I'd like every entry transcribed word for word, with no pictures.

[[ Record extracts open ]]

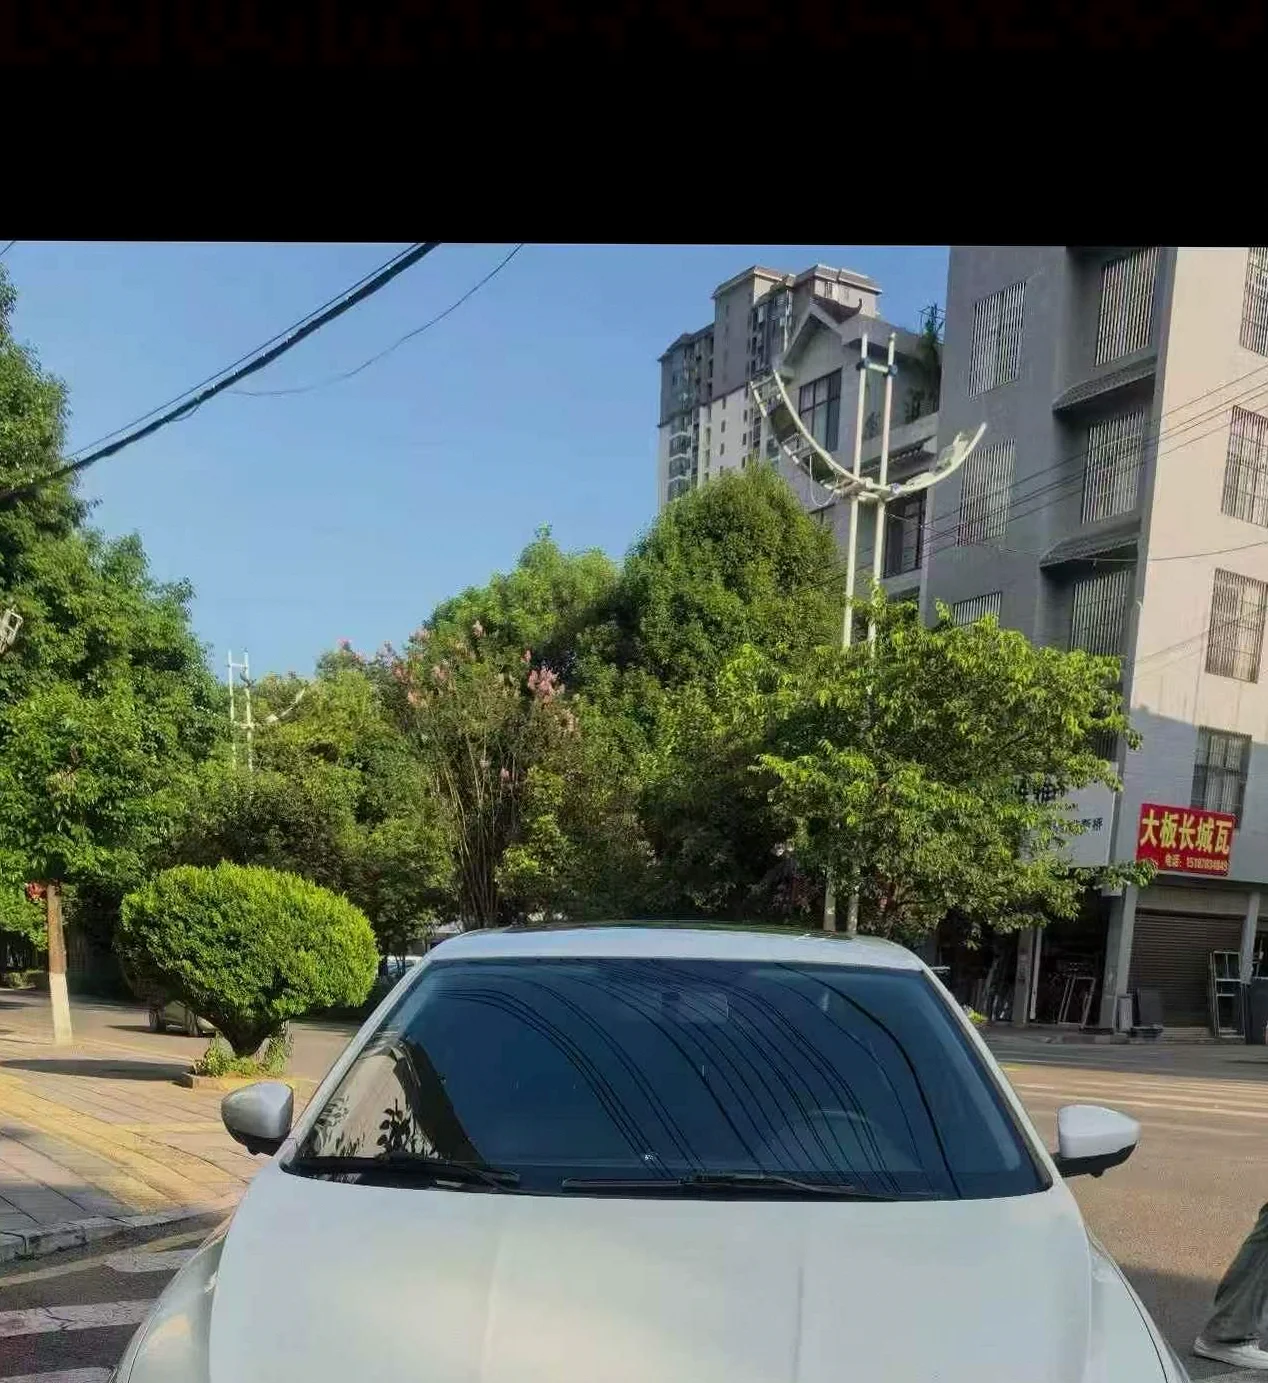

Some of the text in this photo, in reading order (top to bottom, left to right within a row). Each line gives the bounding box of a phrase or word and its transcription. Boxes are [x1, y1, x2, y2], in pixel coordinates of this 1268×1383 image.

[1140, 808, 1233, 855] 大板长城瓦
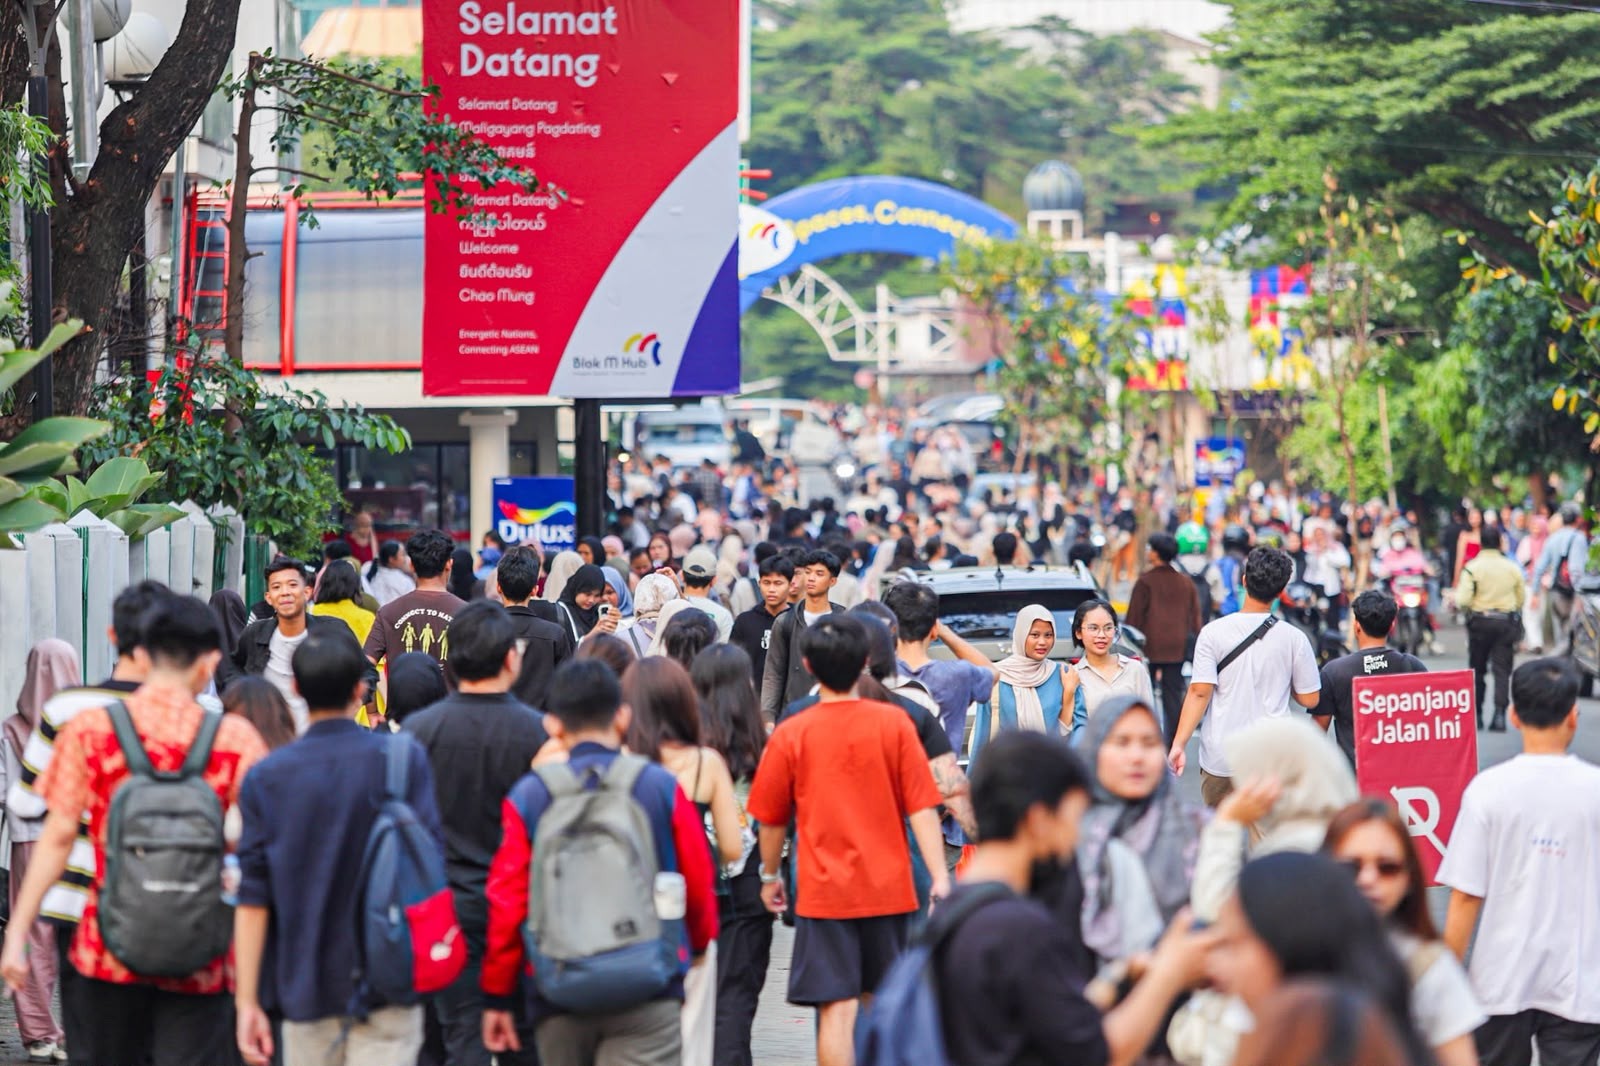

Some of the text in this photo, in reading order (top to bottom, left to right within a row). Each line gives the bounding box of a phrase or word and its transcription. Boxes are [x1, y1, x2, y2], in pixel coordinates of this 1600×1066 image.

[459, 1, 618, 35] Selamat
[460, 43, 600, 87] Datang
[458, 97, 558, 114] Selamat Datang
[459, 121, 600, 138] Maligayang Pagdating
[460, 192, 557, 210] lamat Datang
[459, 241, 519, 254] Welcome
[459, 287, 535, 305] Chao Mung
[459, 328, 500, 341] Energetic
[459, 344, 539, 356] Connecting ASEAN
[573, 356, 647, 369] Blok M Hub
[498, 520, 576, 544] Dulux
[438, 611, 454, 622] NAT
[1358, 685, 1470, 718] Sepanjang
[1371, 714, 1461, 744] Jalan Ini

[[ Record extracts closed ]]

Answer box ▸
Some of the text in this photo, in reading order (top to bottom, left to right within a row). Each line gives the bounding box of a phrase or word and its transcription. Boxes are [x1, y1, x2, y2], in pixel coordinates of this 1268×1383 image.

[1140, 808, 1233, 855] 大板长城瓦

Some of the text in this photo, in reading order (top to bottom, left to right within a row). Each line gives the bounding box of a phrase or word and its transcription. Boxes are [x1, y1, x2, y2], in pixel coordinates of this 1600×1066 image.

[459, 1, 618, 35] Selamat
[460, 43, 600, 87] Datang
[458, 97, 558, 114] Selamat Datang
[459, 121, 600, 138] Maligayang Pagdating
[460, 192, 557, 210] lamat Datang
[459, 241, 519, 254] Welcome
[459, 287, 535, 305] Chao Mung
[459, 328, 500, 341] Energetic
[459, 344, 539, 356] Connecting ASEAN
[573, 356, 647, 369] Blok M Hub
[498, 520, 576, 544] Dulux
[438, 611, 454, 622] NAT
[1358, 685, 1470, 718] Sepanjang
[1371, 714, 1461, 744] Jalan Ini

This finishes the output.